Evaporative coolers are effective outdoors because they're extremely energy efficient. They have only two main working parts, a water pump and a fan, which means they use only a fraction of the electricity as an air conditioner, but can produce as much, if not more, cold air and cool larger areas.
|Evaporative Coolers||Outdoor Air Conditioners|
|Luma Comfort 220W||Portacool PAC2K361S||MaxxAir EC36D1||MovinCool ClassicPlus26||KwiKool KPO 12-43|
|Cooling Power (Cubic Feet per Minute)||1650||9600||9700||680||5000|
|Coverage Area||650 sq ft||2500 sq ft||2600 sq ft||740 sq ft||4800 sq ft|
Portable evaporative coolers also provide farmers with a flexible array of cooling options. Depending on the type of fan installed in the unit, some, like the Port-a-Cool 46" Pro (Port-a-Cool PAC2K24HPVS) can spread air out over a wide area, in a cone extending out from the cooler, or concentrate it in a narrow beam that reaches straight out in front of the unit, like the Port-a-Cool Hurricane (Port-a-Cool PacHR3600). Each model is fully portable as well. They come installed with 4 caster wheels that make them easy to move and lock into place when the unit's ready to be activated. This means they can be moved to cool rows of workers as they're planting or harvesting, set up to cool work stations or collection points, or used to create cooling stations for workers to relax and recover from the heat periodically during the day. You can even combine different sized units to cover a wider area or to cool workers in different locations more effectively.
Treating Heat Stress
Best Conditions for Evaporative Cooling
The effectiveness of evaporative coolers varies depending on the environment. The rate of evaporation is governed by three factors: heat, air flow, and, most importantly, humidity. When humidity levels are low, the water molecules in the air are spread thin and have a hard time coming together to condense into liquid. Under these conditions, the air's ability to store water vapor is extremely high and evaporation happens quickly. As relative humidity begins to rise, however, the air becomes saturated and its capacity to store water vapor decreases. Evaporation slows, which decreases the amount of cold air an evaporative air cooler is capable of generating.

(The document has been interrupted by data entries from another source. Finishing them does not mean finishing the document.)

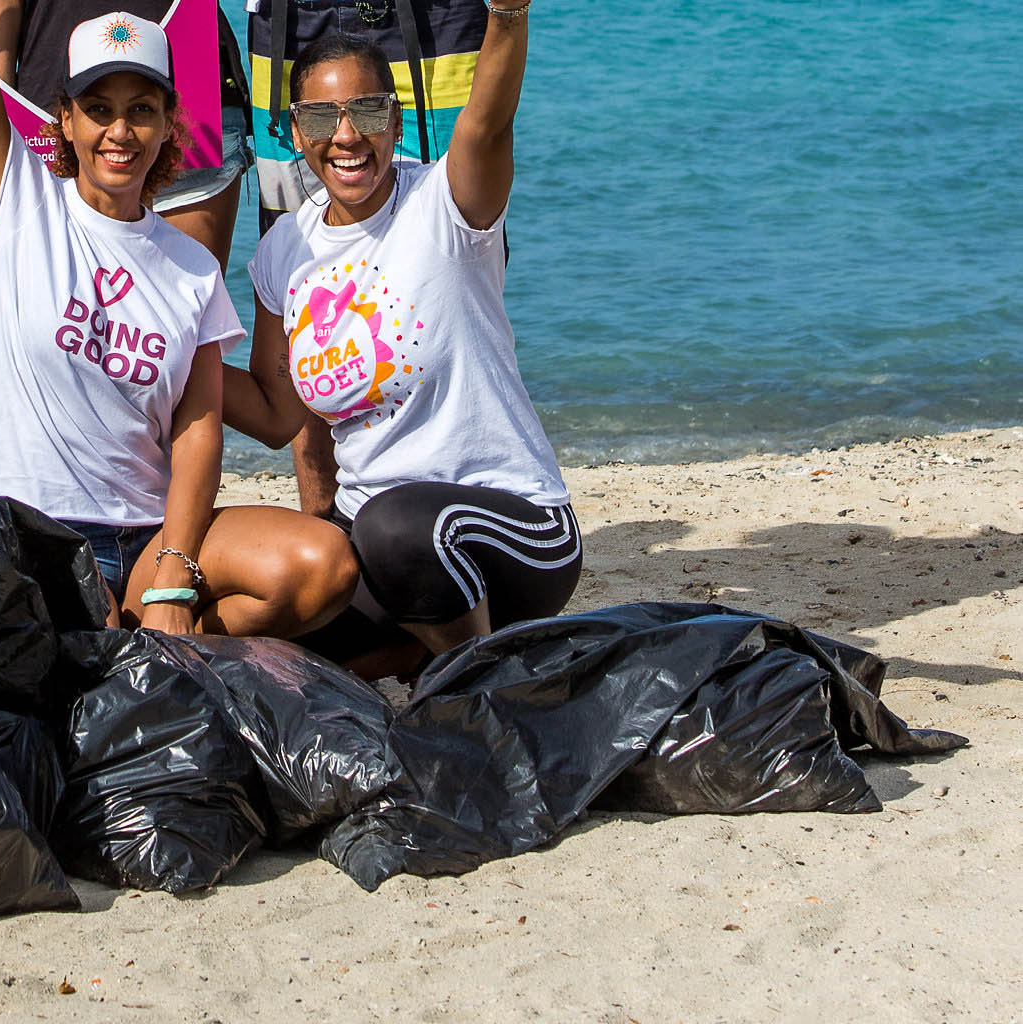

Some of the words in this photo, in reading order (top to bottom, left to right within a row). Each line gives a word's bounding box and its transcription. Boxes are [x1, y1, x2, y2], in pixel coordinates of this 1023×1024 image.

[24, 135, 57, 147] icture
[63, 295, 167, 361] DOING
[55, 324, 159, 387] GOOD
[297, 337, 360, 379] CURA
[297, 355, 368, 402] DOET
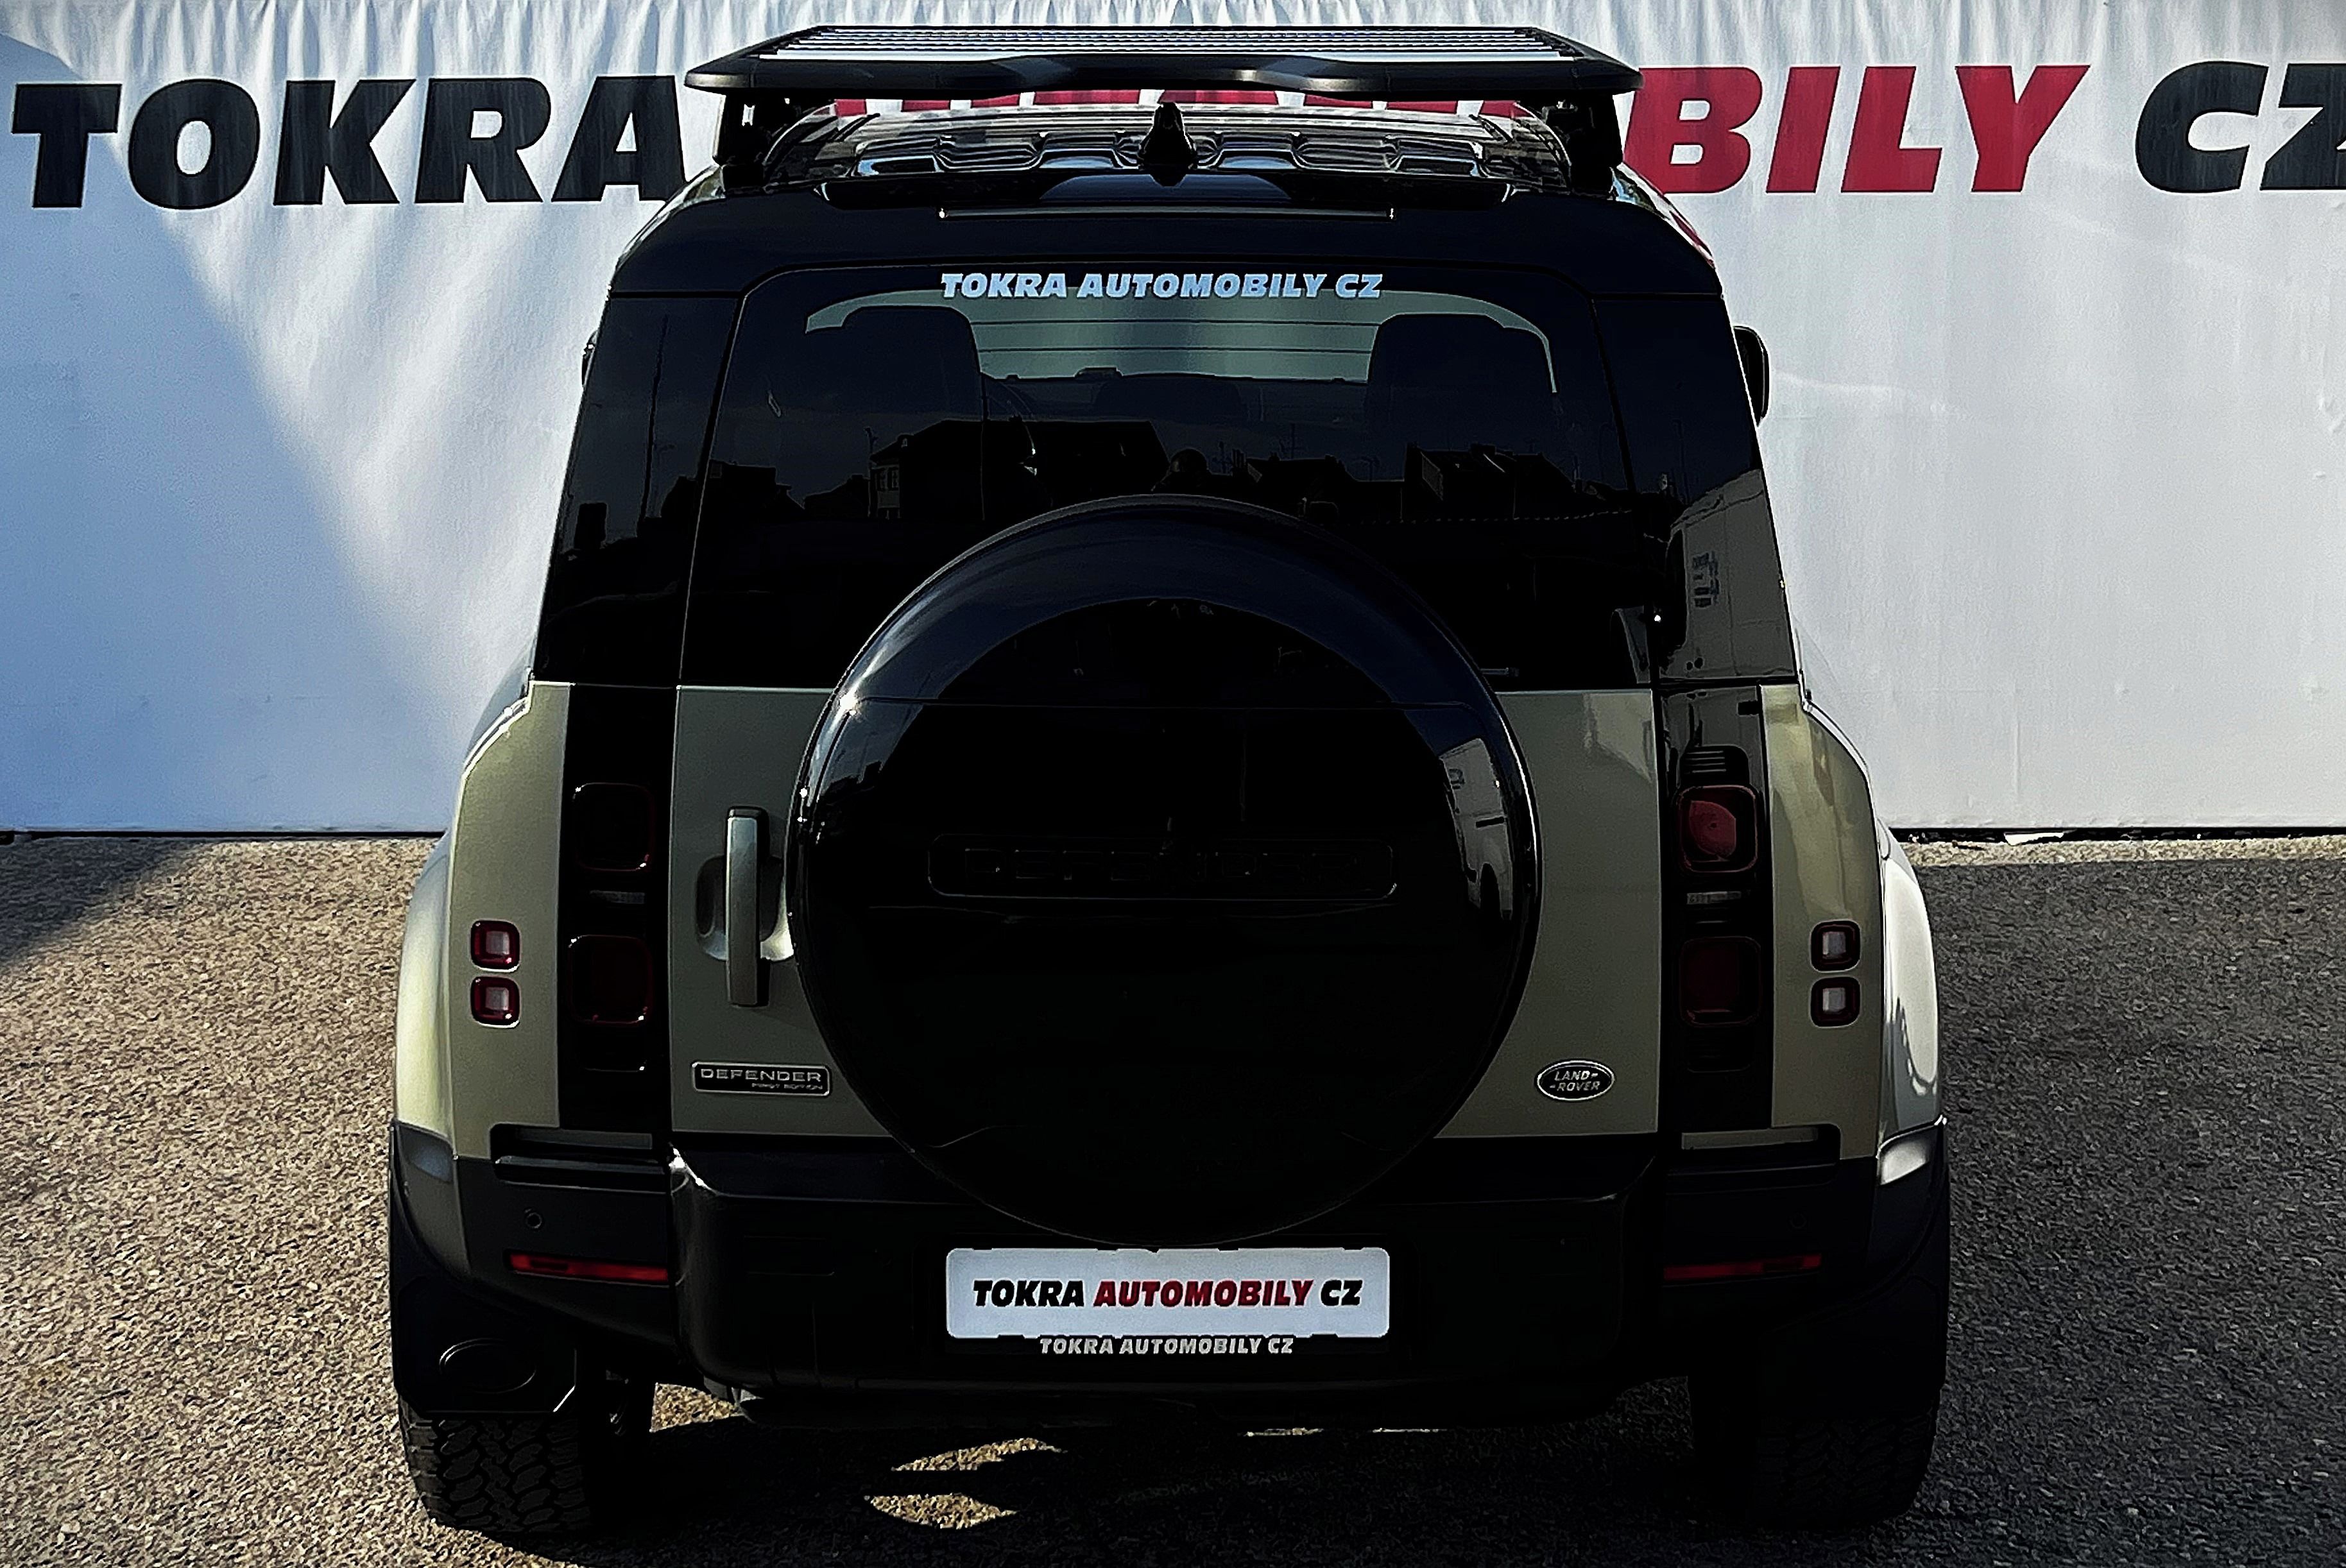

For this reason, evaporative coolers work best in arid conditions, where humidity levels are routinely low, primarily the West and Midwestern United States. The good news is that their effectiveness increases as temperatures rise. As air warms up, it expands and forces the water molecules to spread out over a wider area, which reduces water vapor density. This means that evaporative coolers are not only more effective during the summer months, when temperatures peak, they're also more effective during the hottest parts of the day, when they're needed most. If you're uncertain whether an evaporative cooler will work in your area, you can track humidity levels across the nation through by checking the US National Relative Humidity Map. If your area routinely experiences humidity levels above 60 percent, it's most likely not suitable to evaporative cooling. The temperature difference between the air coming out of the cooler and the air around it will be too small to provide relief.
With the right setup, evaporative coolers prevent heat stress among farm workers. Their low-cost cooling mechanism effectively reduces temperatures in outdoor areas so workers can cool off and continue working under high heat conditions. They're an adaptable tool that keeps workers healthy and productive, making them a valuable tool for farmers and their employees.